• [THE TASK] The answer must reproduce all of the data below exactly and contain no images.

Saved data entries:
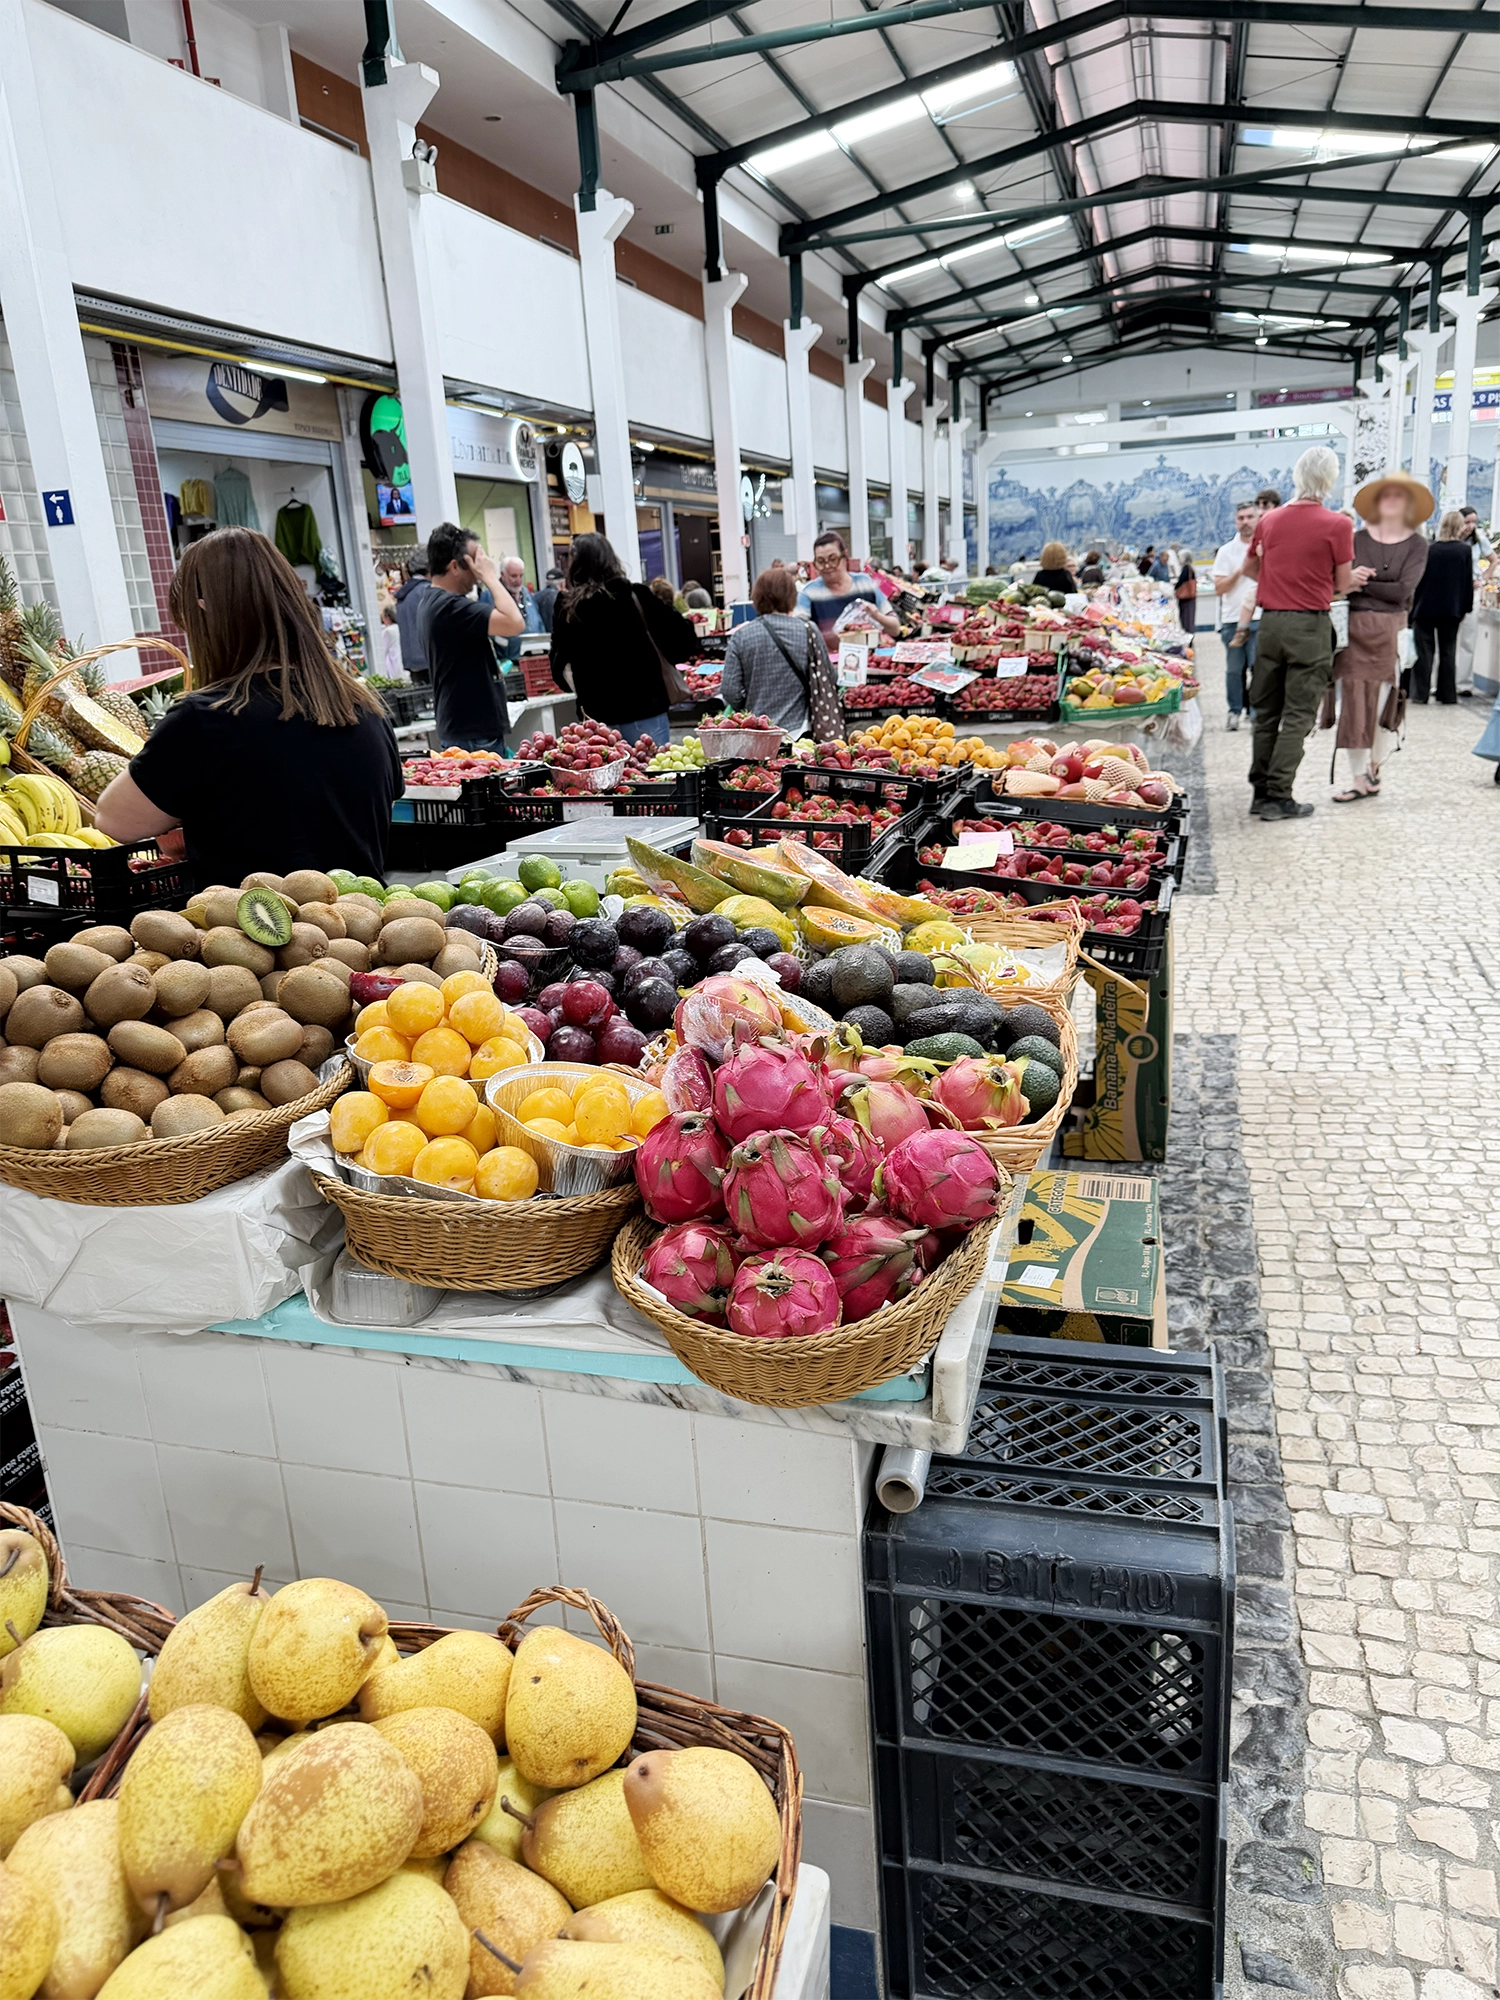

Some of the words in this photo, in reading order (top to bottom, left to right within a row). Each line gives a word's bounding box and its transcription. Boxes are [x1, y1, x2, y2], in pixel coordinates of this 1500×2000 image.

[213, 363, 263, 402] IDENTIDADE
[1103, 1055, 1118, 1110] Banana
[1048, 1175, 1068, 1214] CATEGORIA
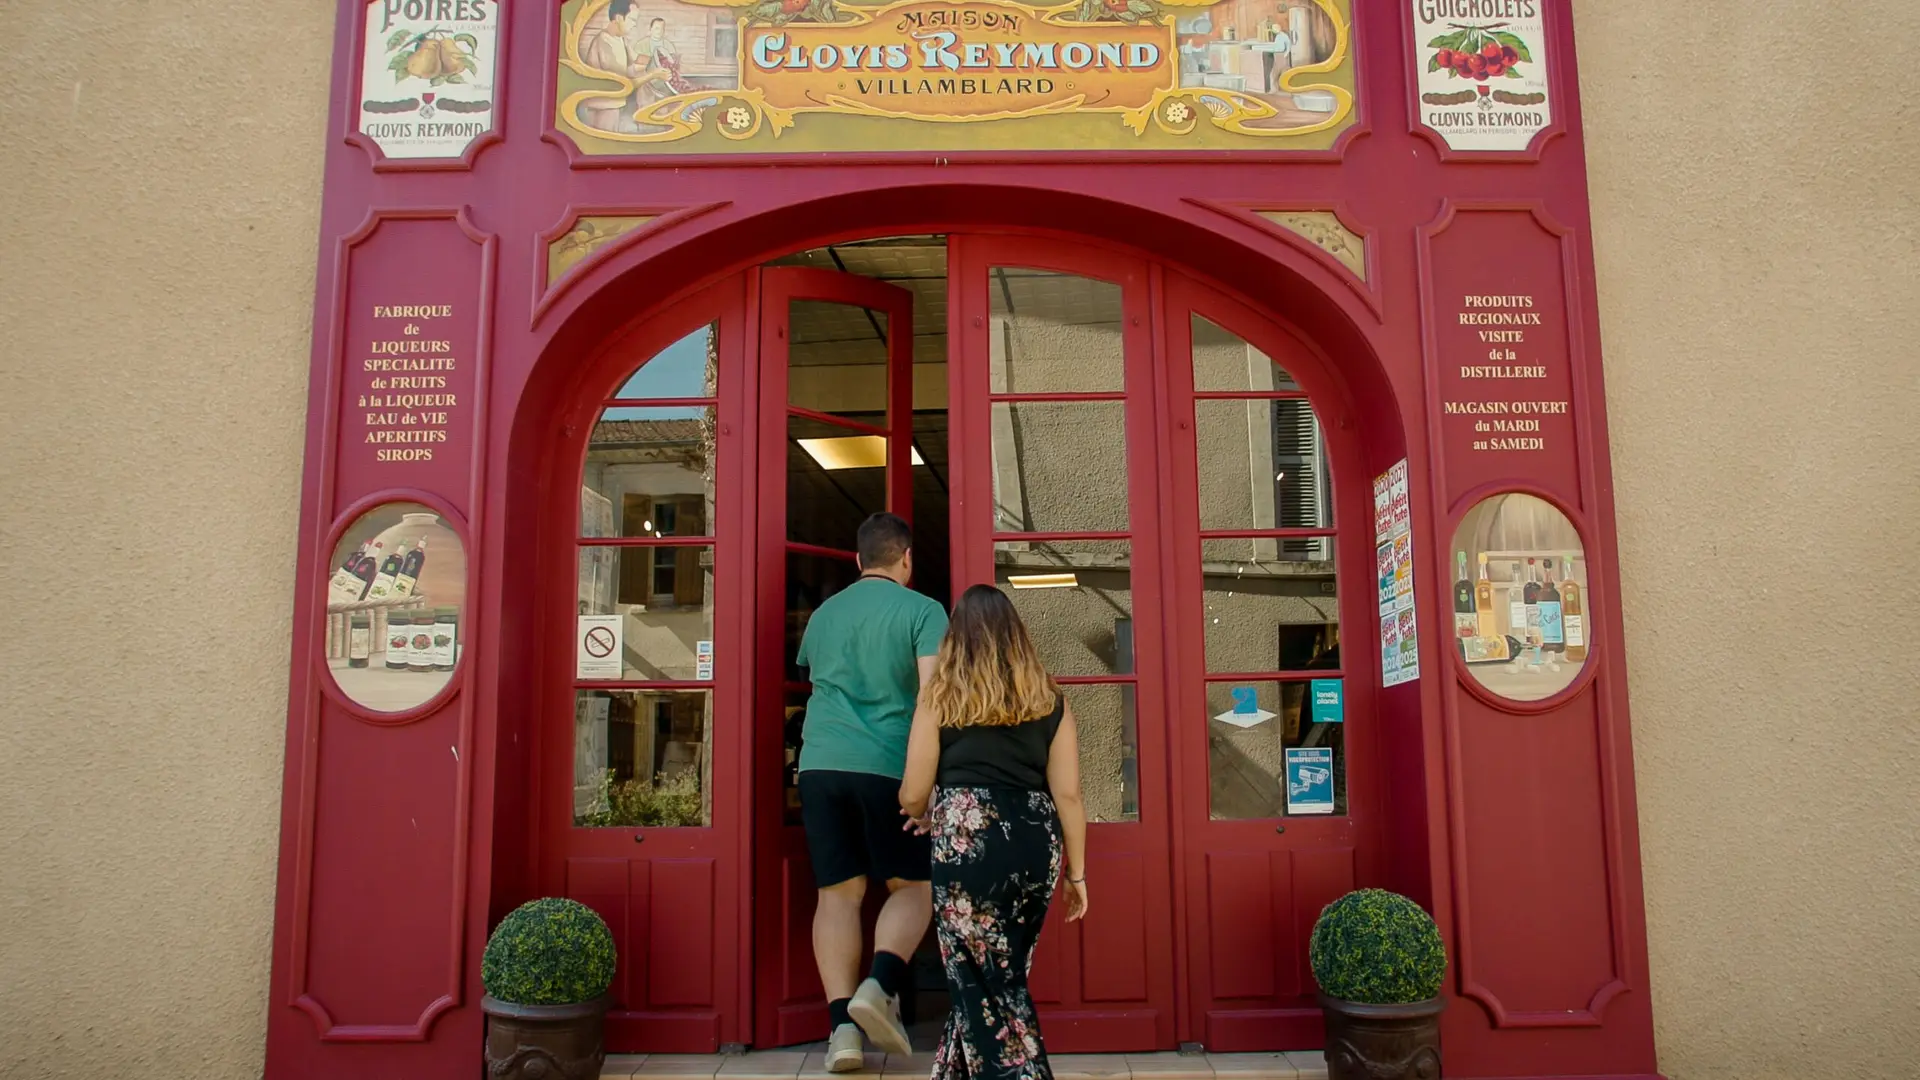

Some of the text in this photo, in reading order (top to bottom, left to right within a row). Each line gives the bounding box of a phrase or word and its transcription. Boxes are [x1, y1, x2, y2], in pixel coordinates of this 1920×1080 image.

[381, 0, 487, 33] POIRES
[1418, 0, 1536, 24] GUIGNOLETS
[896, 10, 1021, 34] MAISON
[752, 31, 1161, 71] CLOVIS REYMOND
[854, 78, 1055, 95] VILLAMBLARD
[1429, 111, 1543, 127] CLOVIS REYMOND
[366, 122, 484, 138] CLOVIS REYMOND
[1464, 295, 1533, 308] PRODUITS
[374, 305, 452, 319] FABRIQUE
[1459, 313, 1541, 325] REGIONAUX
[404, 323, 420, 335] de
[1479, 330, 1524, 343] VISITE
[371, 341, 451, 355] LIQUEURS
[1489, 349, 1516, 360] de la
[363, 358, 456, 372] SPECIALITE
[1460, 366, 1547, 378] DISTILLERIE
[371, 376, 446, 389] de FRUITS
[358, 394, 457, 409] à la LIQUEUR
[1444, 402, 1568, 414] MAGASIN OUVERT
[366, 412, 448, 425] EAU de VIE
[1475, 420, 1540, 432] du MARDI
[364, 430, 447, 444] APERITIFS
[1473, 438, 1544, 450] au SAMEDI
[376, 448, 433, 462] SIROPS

• [ANSWER TO THIS TASK]
Some of the words in this photo, in reading order (top to bottom, left to right within a row). Each line gives a word's bounding box and its transcription. Boxes are [x1, y1, x2, y2], in pixel coordinates of this 1500×2000 image.

[213, 363, 263, 402] IDENTIDADE
[1103, 1055, 1118, 1110] Banana
[1048, 1175, 1068, 1214] CATEGORIA

Some of the text in this photo, in reading order (top to bottom, left to right within a row). Each line gives the bounding box of a phrase or word and its transcription. Boxes are [x1, y1, x2, y2], in pixel coordinates of this 1920×1080 image.

[381, 0, 487, 33] POIRES
[1418, 0, 1536, 24] GUIGNOLETS
[896, 10, 1021, 34] MAISON
[752, 31, 1161, 71] CLOVIS REYMOND
[854, 78, 1055, 95] VILLAMBLARD
[1429, 111, 1543, 127] CLOVIS REYMOND
[366, 122, 484, 138] CLOVIS REYMOND
[1464, 295, 1533, 308] PRODUITS
[374, 305, 452, 319] FABRIQUE
[1459, 313, 1541, 325] REGIONAUX
[404, 323, 420, 335] de
[1479, 330, 1524, 343] VISITE
[371, 341, 451, 355] LIQUEURS
[1489, 349, 1516, 360] de la
[363, 358, 456, 372] SPECIALITE
[1460, 366, 1547, 378] DISTILLERIE
[371, 376, 446, 389] de FRUITS
[358, 394, 457, 409] à la LIQUEUR
[1444, 402, 1568, 414] MAGASIN OUVERT
[366, 412, 448, 425] EAU de VIE
[1475, 420, 1540, 432] du MARDI
[364, 430, 447, 444] APERITIFS
[1473, 438, 1544, 450] au SAMEDI
[376, 448, 433, 462] SIROPS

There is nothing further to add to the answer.